The beliefs of the Mahayana
Mahayana Buddhists believe that all men can achieve salvation. Since life is impermanent, humans should limit their earthly possessions to the bare minimum. Adherents should live good lives and work to keep their minds pure. They pursue ethical living and wisdom. Meditation is an important part of life. Their ultimate aim is freedom from the cycle of life and death. This they can achieve only through enlightenment.
Mahayana Buddhists believe in delaying their own release from suffering. Choosing instead to help others to set themselves free from the bonds of suffering. They believe that they can achieve enlightenment only through direct experience. The teachings of Buddha are a guide to enlightenment.
Only the practice of the Noble Eightfold Path will get them to the point of self-realization. The basis of their beliefs is the Four Noble Truths. These Truths, as taught by Buddha, cover the problem, the cause, the solution and the path to enlightenment.
The goal of Maharana Buddhists is to become a Bodhisattva (Buddha to be). Bodhisattva’s have reached a level of enlightenment that enables them to help others to meet this state of grace. They believe that all humans can achieve this enlightenment. Bodhisattva’s postpone their own liberation into Nirvana to help others. They consider that all human live in suffering. The Bodhisattvas take a vow to save all living creatures from this suffering. They must end all evil thoughts and learn the truth. This they must teach others and lead all living beings to Buddhism.
Vajrayana translates into the “Vehicle of the Thunderbolt”. It is also known as Tantric Buddhism. Vajrayana Buddhism is often seen as another aspect of Mahayana Buddhism rather than a school of its own.
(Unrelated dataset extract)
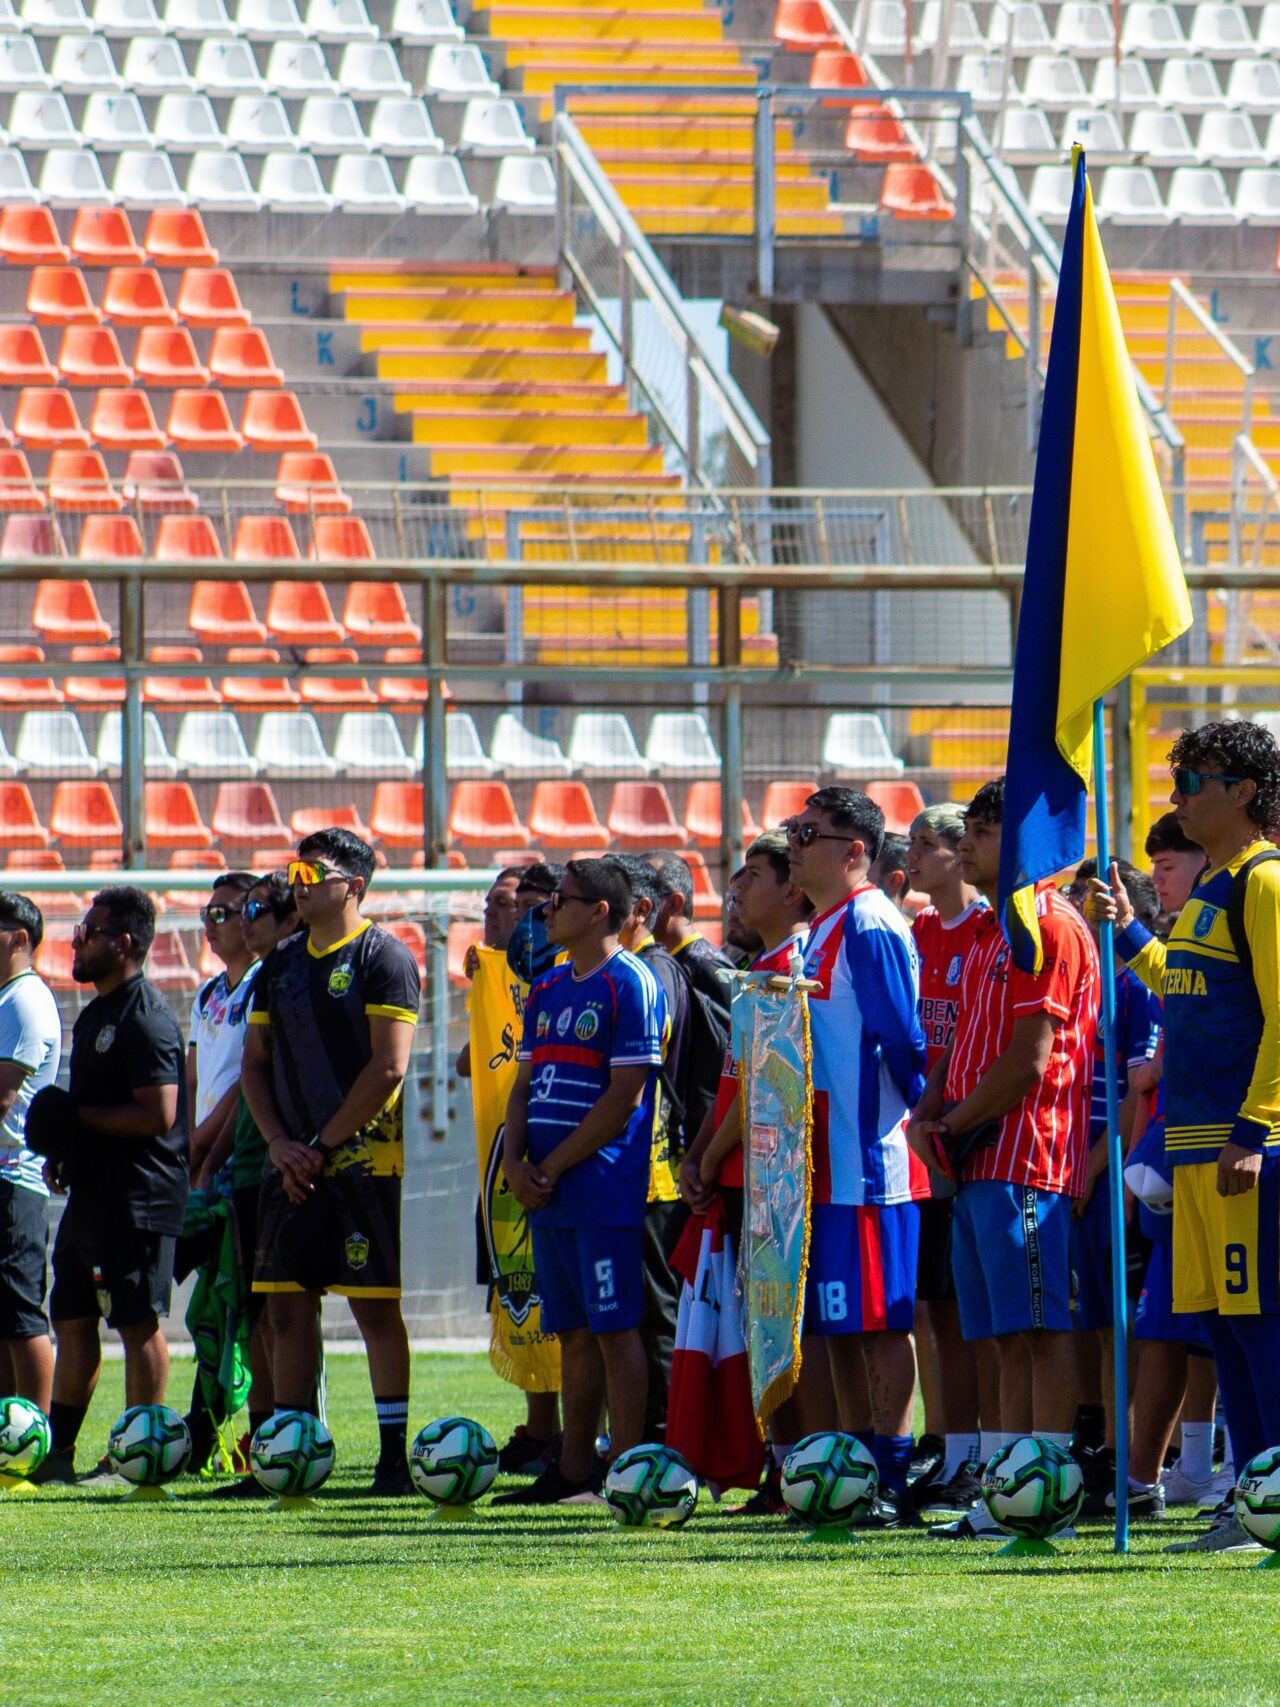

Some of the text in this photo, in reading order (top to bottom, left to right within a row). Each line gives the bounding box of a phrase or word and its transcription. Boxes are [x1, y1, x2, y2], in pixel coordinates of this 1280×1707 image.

It developed between 500 and 600 CE. It is a branch of Mahayana Buddhism, but it includes many rituals which define it as different. These traditions trace some of their origins back to ancient Vedic and Hindu traditions. This school of Buddhism is practiced mostly in Tibet, Mongolia and in parts of China and Russia.
The beliefs of the Vajrayana
Vajrayana Buddhists seek enlightenment in this lifetime. They do this through the direct experience of esoteric practices, meditation and by using magical energy. Esoteric rituals are practiced for the achievement of physical, mental and spiritual development. Many of the rituals are secret and initiates work closely with a guru to learn the traditions of the school.
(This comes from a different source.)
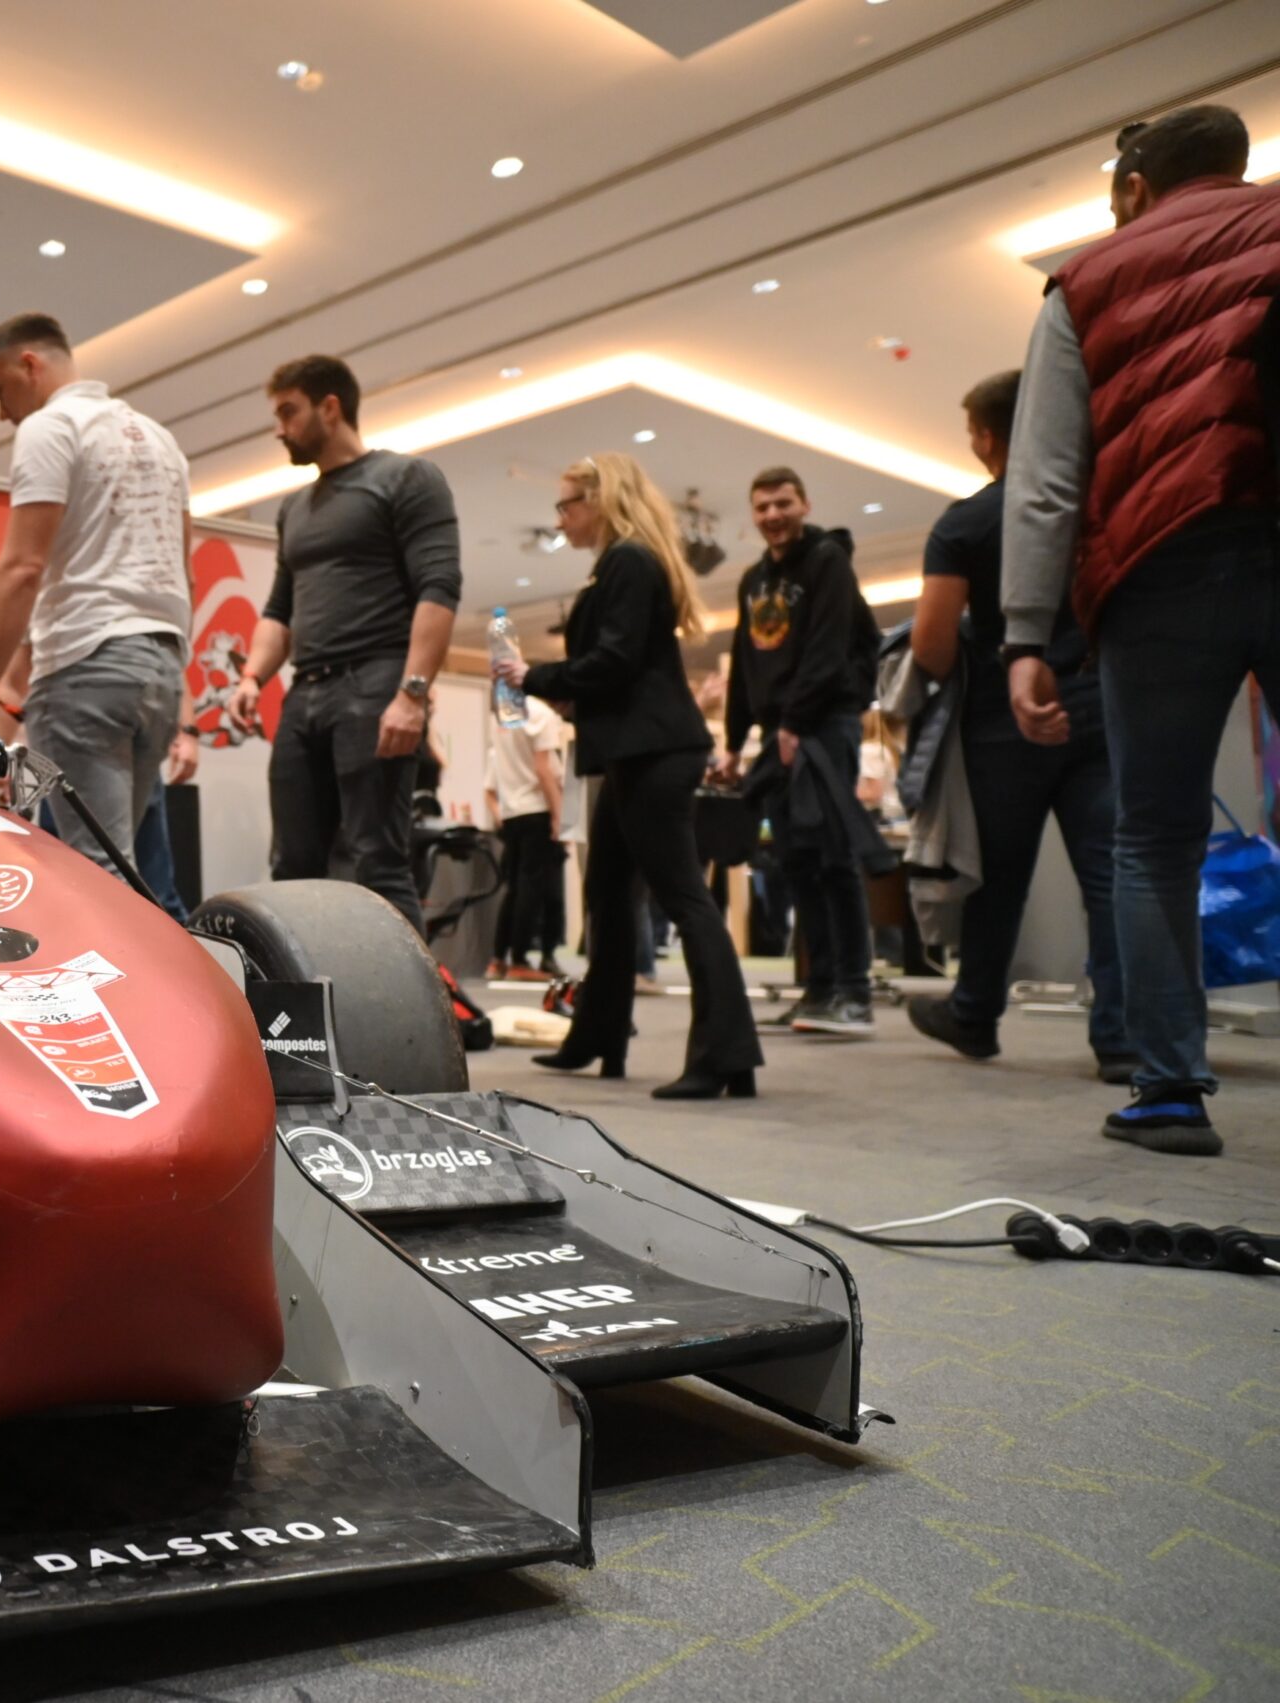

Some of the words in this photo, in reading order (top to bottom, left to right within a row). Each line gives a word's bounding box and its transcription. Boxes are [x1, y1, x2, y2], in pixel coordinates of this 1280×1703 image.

[370, 1145, 492, 1173] brzoglas
[494, 1285, 636, 1315] HEP
[33, 1516, 359, 1573] DALSTROJ
Tantric or traditional spiritual techniques are practiced in the belief that they will help the monks to meet enlightenment. The Vajrayana believe that the tantras can help them to reach Nirvana in a single lifetime. In this way, there is no need for several reincarnations. The main vehicle to enlightenment is prayer and meditation. Only those initiated into the religion are taught the tantras. Tantras are said to be difficult and even dangerous. The initiated are sworn to secrecy. This is why this school if Buddhism is shrouded in mystery. Not much is known about their practices.
The similarities and the differences
All Buddhists agree that Buddha was the founding father of the philosophy. They all follow the Middle Way, the Four Noble Truths and the Noble Eightfold Path.
Where they differ is in the attainment of nirvana. The Theravada see Buddha as unique. Only monks can attain Nirvana. While the Maharana believe that all creatures will eventually reach nirvana. Because of this all people, monks and lay people. Who adhere to Maharana Buddhism must meditate and pray. While for the Theravada only monks need to meditate and laypeople pray.
The Theravada has remained traditional and orthodox. By contrast, the Maharana and Vajrayana have included rituals and chants in their religious ceremonies.